What you should do: What you give back must match the records below word for word.

[Opening Entries supplied section]

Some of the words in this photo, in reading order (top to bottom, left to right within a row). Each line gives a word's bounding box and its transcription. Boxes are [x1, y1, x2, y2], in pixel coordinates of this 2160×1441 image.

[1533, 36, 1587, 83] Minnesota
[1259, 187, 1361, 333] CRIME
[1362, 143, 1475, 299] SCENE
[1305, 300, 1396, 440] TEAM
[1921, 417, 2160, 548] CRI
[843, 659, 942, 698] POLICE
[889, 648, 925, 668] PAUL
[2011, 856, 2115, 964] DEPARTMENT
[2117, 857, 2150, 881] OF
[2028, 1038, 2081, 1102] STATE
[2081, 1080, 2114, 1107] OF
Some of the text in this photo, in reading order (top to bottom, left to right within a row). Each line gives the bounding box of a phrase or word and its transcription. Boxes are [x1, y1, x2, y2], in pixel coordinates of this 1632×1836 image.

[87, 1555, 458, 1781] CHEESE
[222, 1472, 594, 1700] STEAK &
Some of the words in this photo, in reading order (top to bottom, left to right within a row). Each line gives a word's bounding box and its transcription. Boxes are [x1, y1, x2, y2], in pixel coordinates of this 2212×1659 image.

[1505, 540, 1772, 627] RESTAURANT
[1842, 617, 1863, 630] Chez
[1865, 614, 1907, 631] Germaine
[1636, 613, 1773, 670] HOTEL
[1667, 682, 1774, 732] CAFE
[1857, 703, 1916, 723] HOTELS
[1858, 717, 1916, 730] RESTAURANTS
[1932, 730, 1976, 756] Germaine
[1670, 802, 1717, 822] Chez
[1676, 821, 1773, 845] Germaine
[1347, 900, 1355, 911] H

[Closing Entries supplied section]

The completed task:
Some of the words in this photo, in reading order (top to bottom, left to right within a row). Each line gives a word's bounding box and its transcription. Boxes are [x1, y1, x2, y2], in pixel coordinates of this 2160×1441 image.

[1533, 36, 1587, 83] Minnesota
[1259, 187, 1361, 333] CRIME
[1362, 143, 1475, 299] SCENE
[1305, 300, 1396, 440] TEAM
[1921, 417, 2160, 548] CRI
[843, 659, 942, 698] POLICE
[889, 648, 925, 668] PAUL
[2011, 856, 2115, 964] DEPARTMENT
[2117, 857, 2150, 881] OF
[2028, 1038, 2081, 1102] STATE
[2081, 1080, 2114, 1107] OF
Some of the text in this photo, in reading order (top to bottom, left to right within a row). Each line gives the bounding box of a phrase or word and its transcription. Boxes are [x1, y1, x2, y2], in pixel coordinates of this 1632×1836 image.

[87, 1555, 458, 1781] CHEESE
[222, 1472, 594, 1700] STEAK &
Some of the words in this photo, in reading order (top to bottom, left to right within a row). Each line gives a word's bounding box and its transcription. Boxes are [x1, y1, x2, y2], in pixel coordinates of this 2212×1659 image.

[1505, 540, 1772, 627] RESTAURANT
[1842, 617, 1863, 630] Chez
[1865, 614, 1907, 631] Germaine
[1636, 613, 1773, 670] HOTEL
[1667, 682, 1774, 732] CAFE
[1857, 703, 1916, 723] HOTELS
[1858, 717, 1916, 730] RESTAURANTS
[1932, 730, 1976, 756] Germaine
[1670, 802, 1717, 822] Chez
[1676, 821, 1773, 845] Germaine
[1347, 900, 1355, 911] H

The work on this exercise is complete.